I agree, backgrounds are a problem, but you would be surprised at what works. Walls, tiles, furniture, and pieces of cloth work. I like using a light grey or dark blue sheet because of the size. The backdrops I use most came from https://www.katebackdrop.com.

A long time ago, I bought a rolling clothing rack that I use for backdrops. It is light weight and moves around easily.
11/05/2021 01:57:14 PM · #20
Originally posted by grahamgator:

A long time ago, I bought a rolling clothing rack that I use for backdrops. It is light weight and moves around easily.
I got one from Ikea recently, is this what you mean?
https://www.ikea.com/ch/en/p/rigga-clothes-rack-white-50231630/
I will have a look at how to attach cloths to it, I did not buy it for a photographic use :)
11/05/2021 02:06:20 PM · #21
Originally posted by MargaretNet:

Originally posted by grahamgator:

A long time ago, I bought a rolling clothing rack that I use for backdrops. It is light weight and moves around easily.
I got one from Ikea recently, is this what you mean?
https://www.ikea.com/ch/en/p/rigga-clothes-rack-white-50231630/
I will have a look at how to attach cloths to it, I did not buy it for a photographic use :)
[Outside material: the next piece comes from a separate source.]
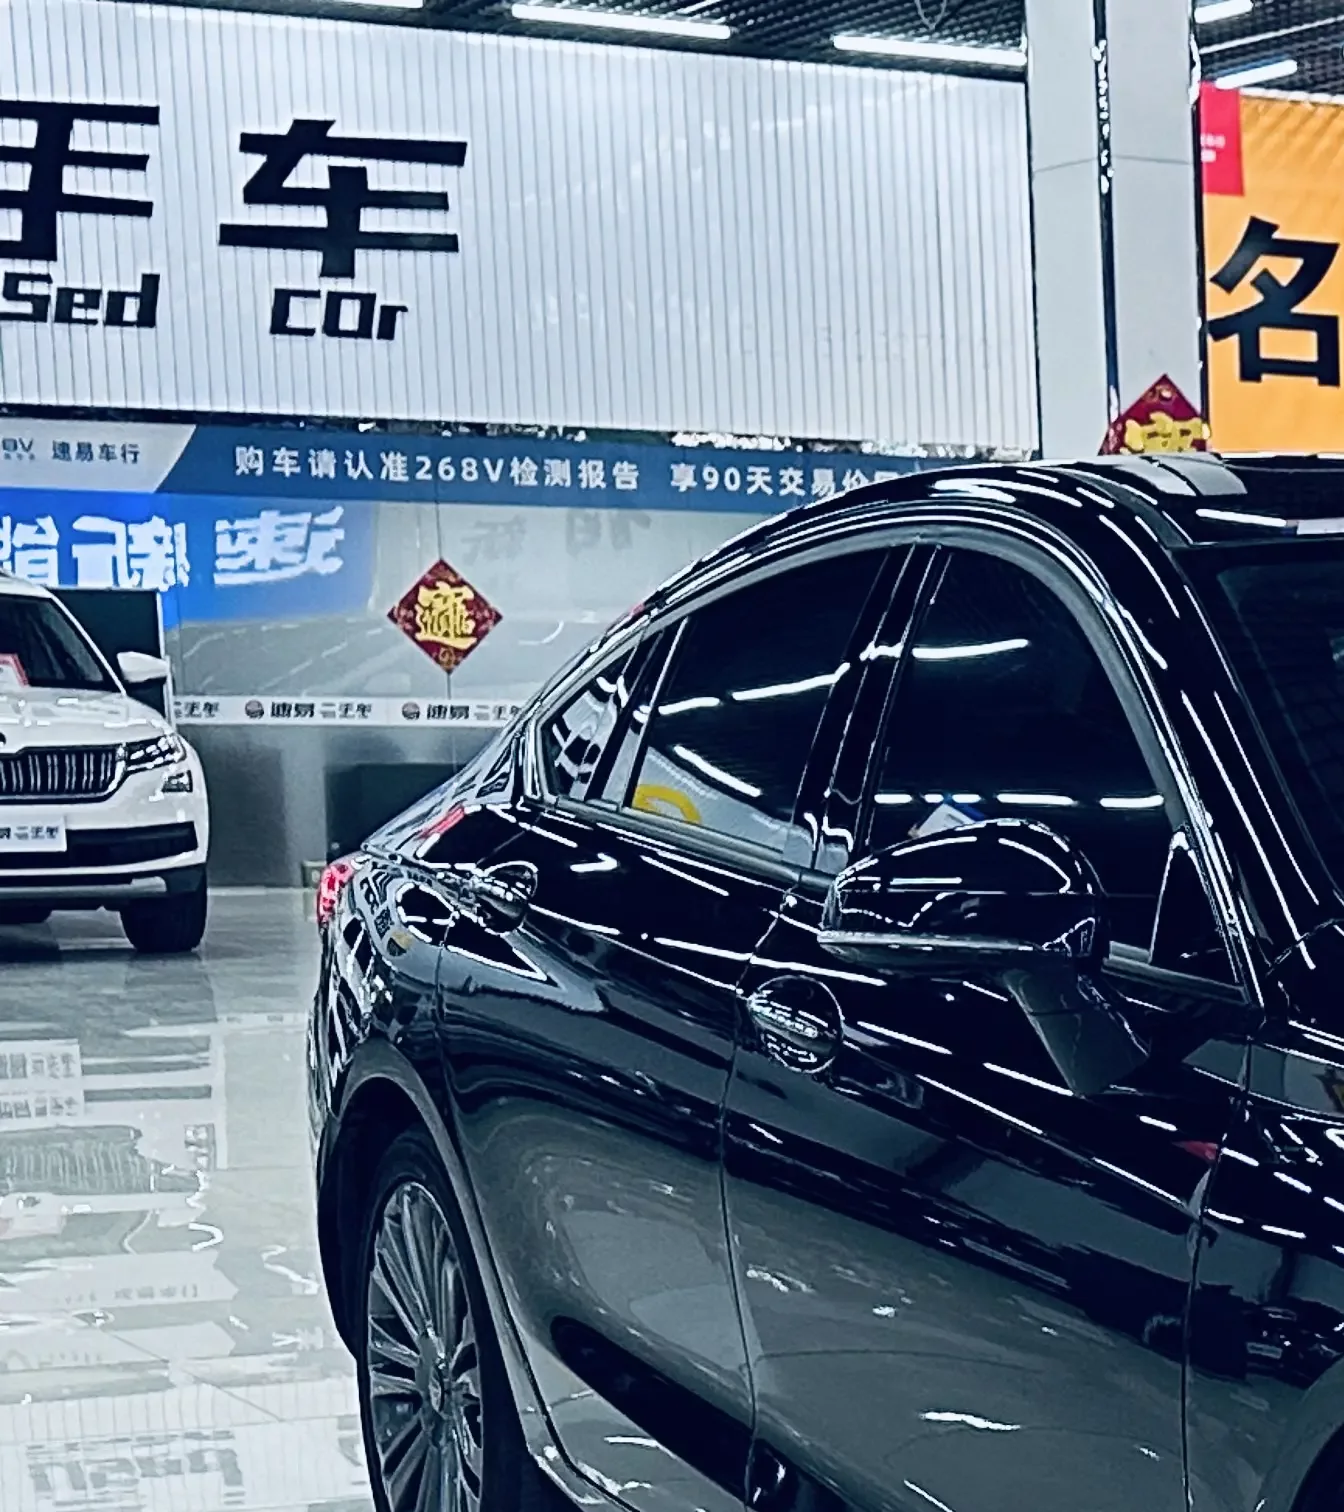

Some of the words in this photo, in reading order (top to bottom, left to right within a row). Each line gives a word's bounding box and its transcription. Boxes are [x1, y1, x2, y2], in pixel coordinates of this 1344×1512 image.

[235, 446, 639, 491] 购车请认准268V检测报告
Yes, that is what I have, but not as fancy, lol. . The pole on top extends on each end. I use clamps to hold the backdrops.
11/05/2021 05:14:00 PM · #22
Originally posted by grahamgator:

That is a good question Marion, I encounter the same issue at times. Generally I stand 4-6 ft away, depending on width and height of the display. Most of the time I use a 24-70 mm lens and can zoom in and out or a 50mm and move with it. The angle can also be a problem depending on the height of the display and how high your background is. You want to be close enough to frame it properly and get the dof you need. Space wise, you can do still life anywhere you have a background you like, decent light and some shade. Hang bed sheets on a wall, kitchen countertops, the floor with wall background. I often used my garage with the door open and a mobile background. Hope this helps.
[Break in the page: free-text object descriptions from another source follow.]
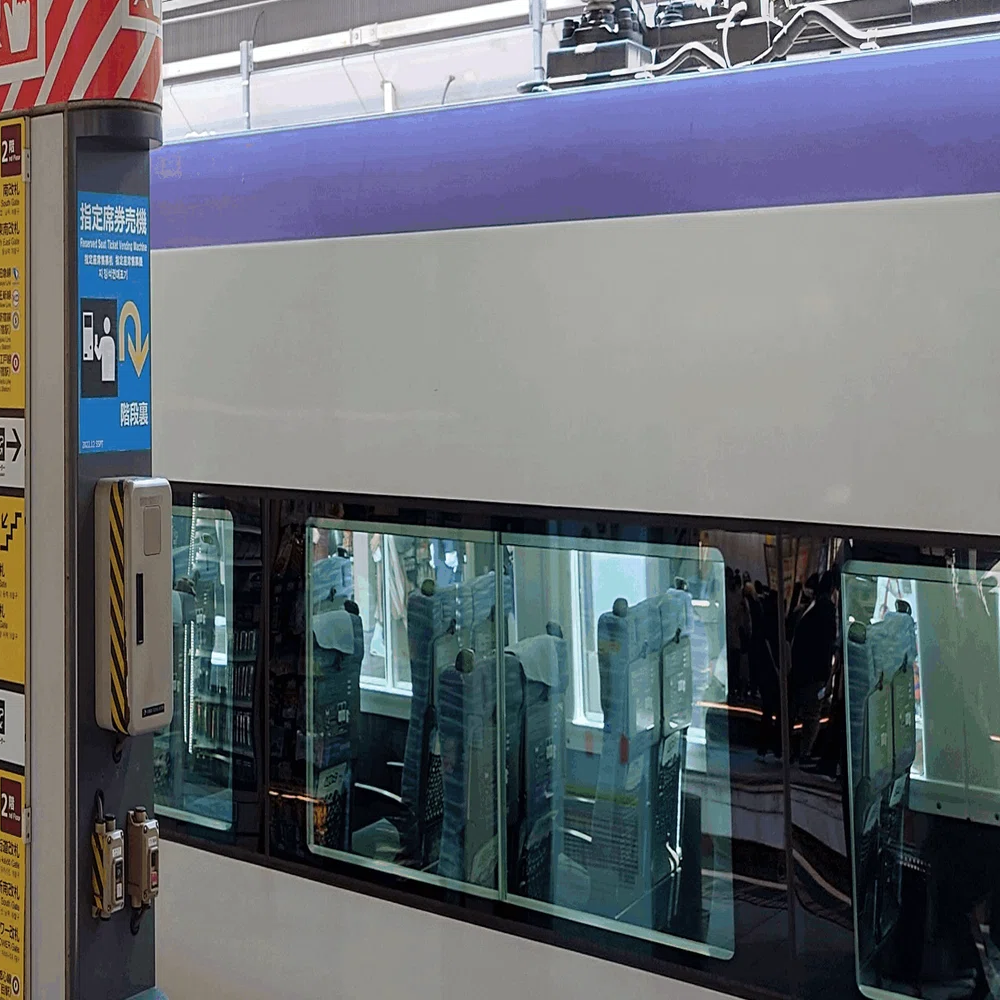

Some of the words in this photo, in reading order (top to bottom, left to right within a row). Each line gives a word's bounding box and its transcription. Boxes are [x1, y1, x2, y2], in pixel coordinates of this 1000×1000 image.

[2, 182, 20, 197] 南改札
[80, 202, 147, 236] 指定席券売機
[120, 402, 149, 427] 階段裏
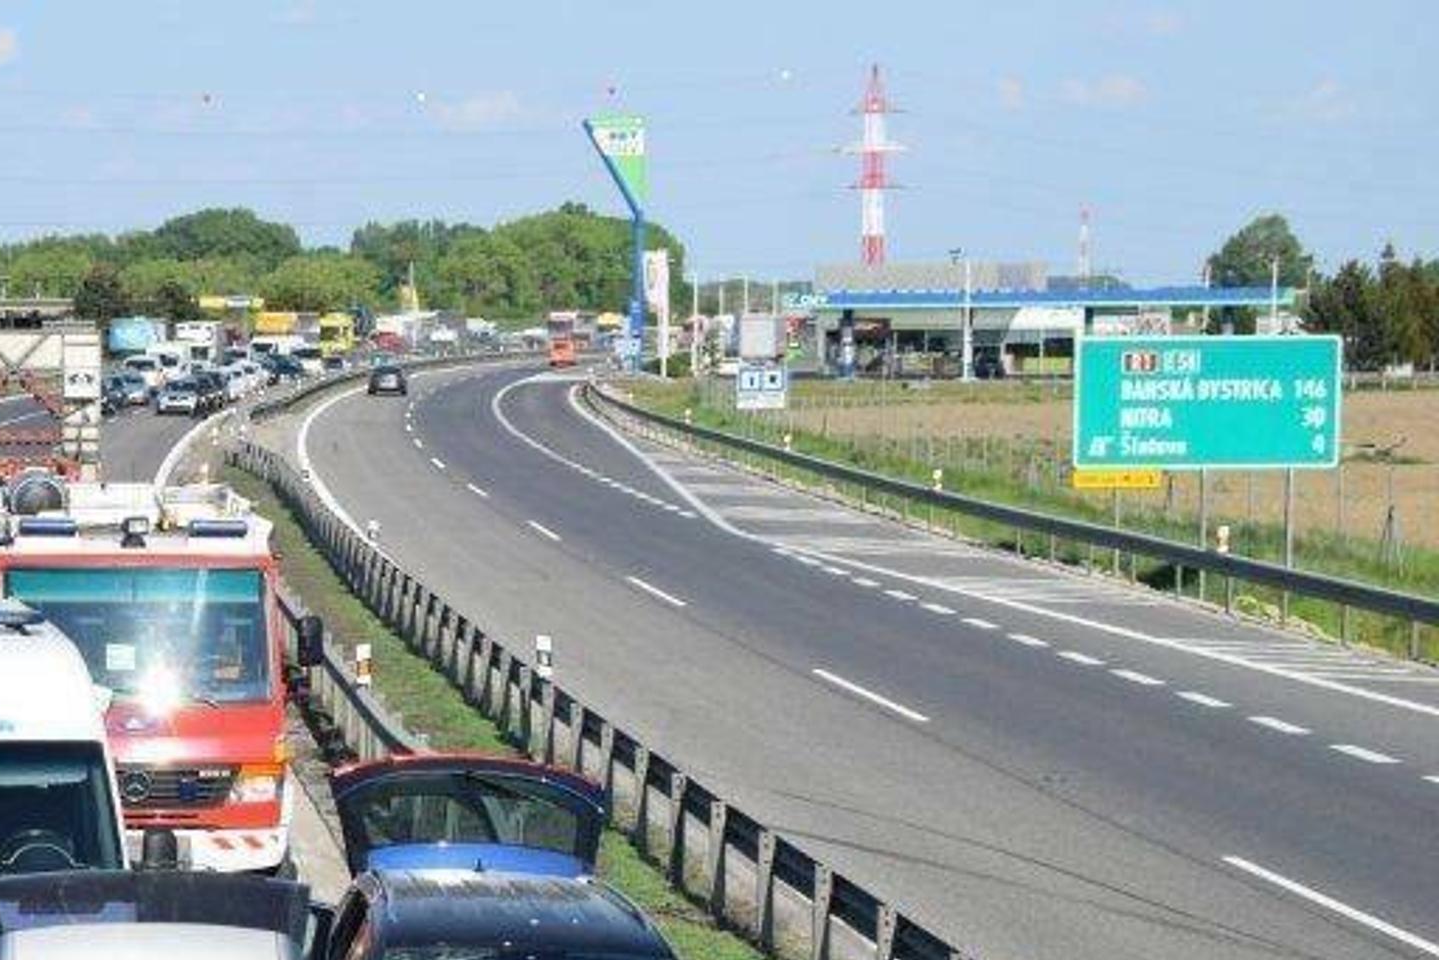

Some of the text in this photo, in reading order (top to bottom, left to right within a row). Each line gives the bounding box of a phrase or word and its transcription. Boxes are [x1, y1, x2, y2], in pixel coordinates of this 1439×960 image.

[1121, 377, 1327, 401] BANSKÁ BYSTRICA 146
[1121, 407, 1172, 429] NITRA
Thank you, Mary Ann. This helps. It confirms that I'm trying to work in too tight a space. The garage sounds like a possibility if I can persuade my husband that I need the car and trailer out ;-)
11/05/2021 06:26:08 PM · #23
Very interesting idea esp since I like a lot still lifes and Mary Ann's work.
I agree with Marion (' . substr('https://www.dpchallenge.com/images/user_icon/21_F.gif', strrpos('https://www.dpchallenge.com/images/user_icon/21_F.gif', '/') + 1) . ' jomari) on the importance of space. And surely the level of dedication and/or need to spend this time.
Posting now a still life after reading all this will be very hard!
Thank you Mary Ann.
11/05/2021 06:40:26 PM · #24
The other problem I have is arranging things. I absolutely suck at arranging more than one thing. That’s why the vast majority of my still lifes are just one thing.
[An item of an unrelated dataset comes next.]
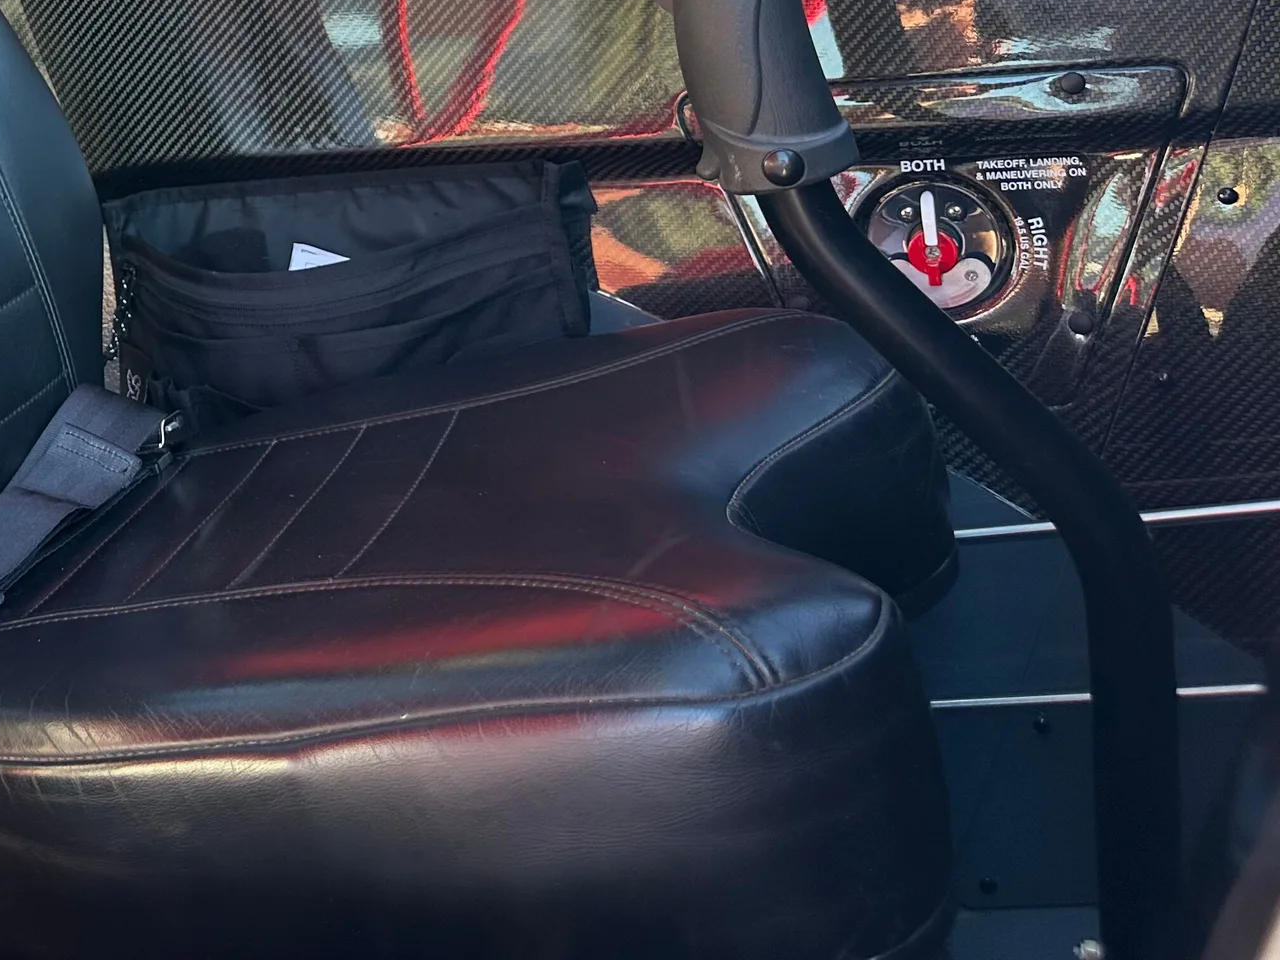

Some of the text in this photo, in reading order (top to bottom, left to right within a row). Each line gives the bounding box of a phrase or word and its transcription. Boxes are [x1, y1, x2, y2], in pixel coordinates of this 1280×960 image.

I’d like to start shooting right away to get as much training as I can. Do you have recommendations as to how to start arranging items so they don’t look like they’re just plopped there?
11/05/2021 07:23:58 PM · #25
Hi Wendy. Placement of objects is one of the hardest to get right. You need something at eye level and then something a little higher and then again higher, t least that is how I approach it, making a triangle so to speak, working with rule of thirds as much as possible and using odd number of objects (a stack of books can be one object). I attempt to sketch the idea before doing it. Overlapping some of the items helps make it cohesive. I think the most important thing before starting is to have a picture in your mind of what you want to doDo some research on still life photography and painting. Pick out what you like and then come up with a plan.

I really like the old masters work, however they can be a bit too much, but they offer a vision and how to place objects. Their work had meaning associated with each element and told a story, although I have trouble figuring it out, lol. There is almost always a piece of cloth in all the old images that was significant. I arrange and rearrange many times before I am satisfied. It usually takes about three or four days before I get something I like. Take shots and then view them to check how it looks on screen. After selecting the image I want to use, I process it and wait until the next day to look at it again. I usually find things I don’t like and then redo it.